Indenizações bilionárias às transmissoras de energia não pagas pela União vão ficar para o consumidor brasileiro. A medida, anunciada nesta semana, foi tomada depois de quatro anos e meio de espera. São R$ 62,2 bilhões.
Com essa solução, o governo retoma a prática que era feita antes da edição da polêmica Medida Provisória 579/2012, programa lançado pela ex-presidente Dilma Roussef, por meio da qual a conta de luz foi reduzida 20%.
Agora, a tarifa volta a ter uma parcela referente à remuneração das empresas por investimentos já realizados, o que havia sido retirada em 2013. O pagamento vai entrar na tarifa de energia do consumidor, por exemplo, para reajustar a tarifa no dia 4 de julho, com percentual ainda a ser definido.

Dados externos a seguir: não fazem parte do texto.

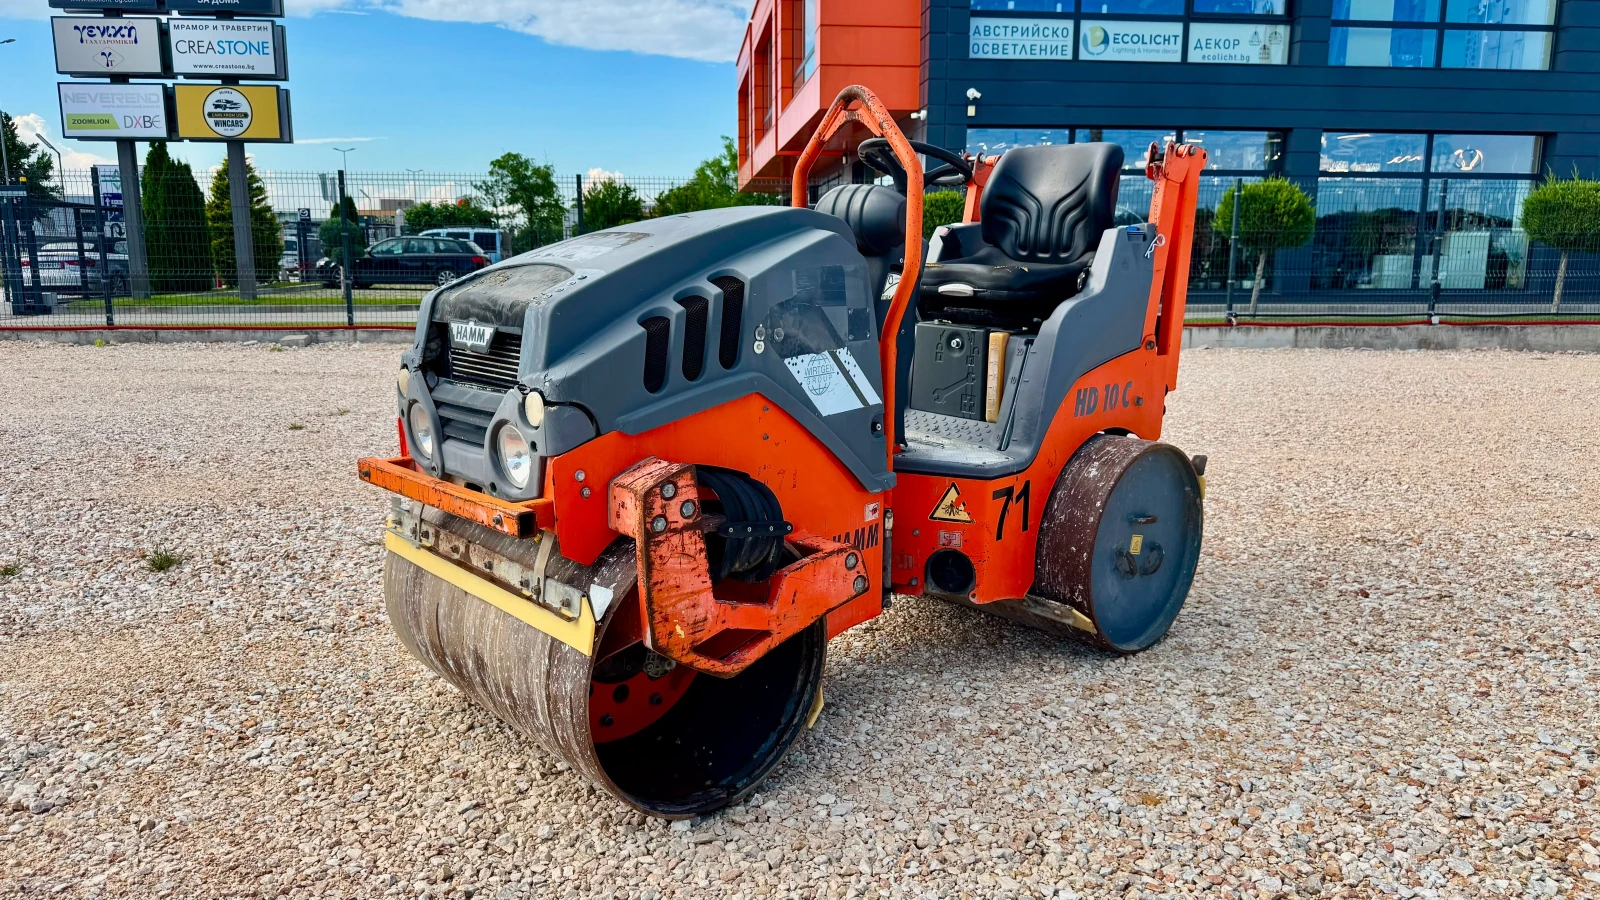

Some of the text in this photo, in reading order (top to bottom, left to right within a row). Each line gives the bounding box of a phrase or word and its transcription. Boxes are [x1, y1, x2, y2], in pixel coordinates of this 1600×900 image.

Nesta semana a Agência Nacional de Energia (Aneel) decidiu também elevar o custo extra dobrado dos consumidores quando da bandeira tarifária amarela nas contas de luz, que será de R$ 20 por cada megawatt, ante R$ 15 em 2016 (alta de 33,3%).
Para a bandeira vermelha nível 1 e a bandeira vermelha nível 2, foram mantidos os valores de cobrança extra por megawatt-hora vigentes, de R$ 30 e R$ 35 por megawatt-hora, respectivamente. A bandeira verde é isenta de cobrança adicional.